Fitch sees telcos turning to debt to fund capex, 5G prospects still limited

Font Size

telcom tower BMI

THE Philippine telecommunications sector is expected to spend more than it can generate internally over the next 18 months, with telcos turning more to debt to fund their future capital expenditures, Fitch Ratings said.

In a statement Thursday, Fitch said: “We forecast average capex intensity for the sector to stabilise at 35%-37% in 2020, resulting in negative free cash flow (FCF) which we expect to be debt-funded.”

Also, over the next 18 months, capex for 5G technology is likely to be limited due to “lack of applications and the absence of a robust ecosystem of customer devices,” it added.

Philippine telcos are expected to be still dependent in the next three years on existing 4G technologies amid growing demand for data.

Fitch noted that both PLDT, Inc. and Globe Telecom, Inc. are positioned to increase their financial flexibility to raise more debt to fund future capex.

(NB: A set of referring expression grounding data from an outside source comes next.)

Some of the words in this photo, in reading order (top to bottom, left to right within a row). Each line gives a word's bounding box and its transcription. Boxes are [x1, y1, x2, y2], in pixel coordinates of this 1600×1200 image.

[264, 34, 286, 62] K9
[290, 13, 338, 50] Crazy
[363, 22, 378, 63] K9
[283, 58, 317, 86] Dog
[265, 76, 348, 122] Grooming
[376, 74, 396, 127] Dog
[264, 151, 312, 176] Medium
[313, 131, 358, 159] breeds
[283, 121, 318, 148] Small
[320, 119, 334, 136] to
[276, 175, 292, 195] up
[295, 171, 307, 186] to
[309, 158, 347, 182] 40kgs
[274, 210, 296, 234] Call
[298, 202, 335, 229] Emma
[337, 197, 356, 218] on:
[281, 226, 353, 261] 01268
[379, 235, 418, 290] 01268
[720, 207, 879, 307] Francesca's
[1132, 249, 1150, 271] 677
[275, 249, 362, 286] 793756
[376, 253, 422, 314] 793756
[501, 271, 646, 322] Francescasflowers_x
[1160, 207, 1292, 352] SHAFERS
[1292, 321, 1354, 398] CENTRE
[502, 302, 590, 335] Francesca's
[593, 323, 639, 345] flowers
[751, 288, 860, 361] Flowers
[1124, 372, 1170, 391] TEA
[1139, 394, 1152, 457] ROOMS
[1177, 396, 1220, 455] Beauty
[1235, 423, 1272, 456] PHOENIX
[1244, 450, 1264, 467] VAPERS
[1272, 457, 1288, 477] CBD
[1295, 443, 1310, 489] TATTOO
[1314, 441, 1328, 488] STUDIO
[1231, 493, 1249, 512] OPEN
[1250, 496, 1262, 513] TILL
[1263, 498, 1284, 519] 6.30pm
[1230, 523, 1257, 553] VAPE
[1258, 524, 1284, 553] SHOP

It also said it expects “intensified” competition with the entry of China-backed DITO Telecommunity Corp., which hopes to corner nearly a third of the market in two to three years.

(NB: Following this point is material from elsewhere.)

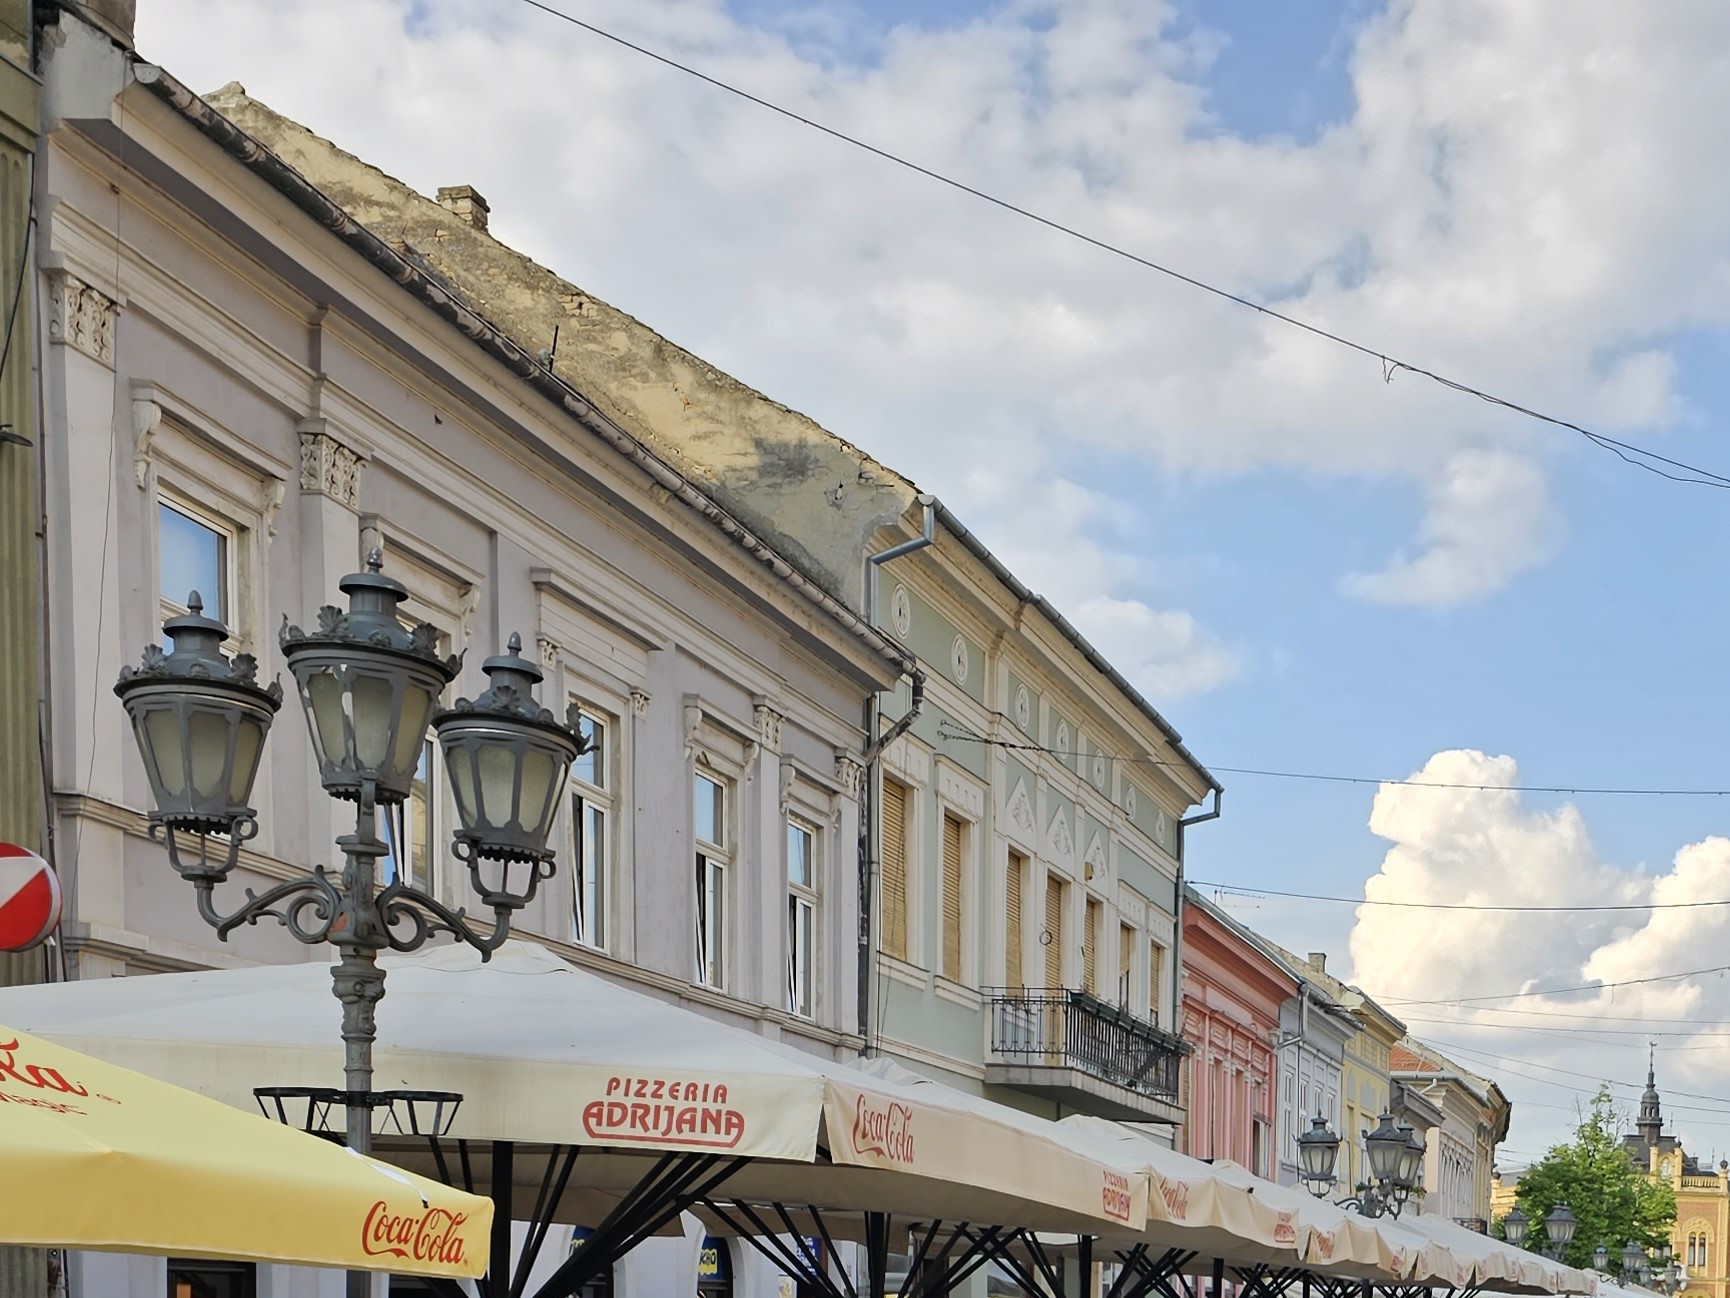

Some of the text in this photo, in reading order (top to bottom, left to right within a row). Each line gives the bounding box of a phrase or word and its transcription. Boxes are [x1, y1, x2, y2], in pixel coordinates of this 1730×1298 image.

[605, 1076, 728, 1104] PIZZERIA
[581, 1100, 745, 1145] ADRIJANA
[853, 1093, 916, 1164] Coca-Cola
[362, 1200, 466, 1265] Coca-Cola

“However, the newcomer’s pledge to provide coverage for 37% of the population by July 2020 (with 27Mbps minimum broadband speed) and up to 84% by 2024, suggests limited coverage in the short term,” Fitch added.

Fitch said PLDT, which it rates at BBB with a stable outlook, had a “stronger recovery” in the third quarter as it entered into its “third consecutive quarter of growth in wireless revenue, underscoring a firmer recovery for the sector.”

It noted that PLDT’s quarterly wireless revenue increased 12% year-on-year, which is higher than the 9% posted Globe Telecom, Inc. (BBB-/Stable), adding that network quality and coverage have substantially improved for both telcos because of their capex over several years prior to the entry of Dennis A. Uy’s DITO.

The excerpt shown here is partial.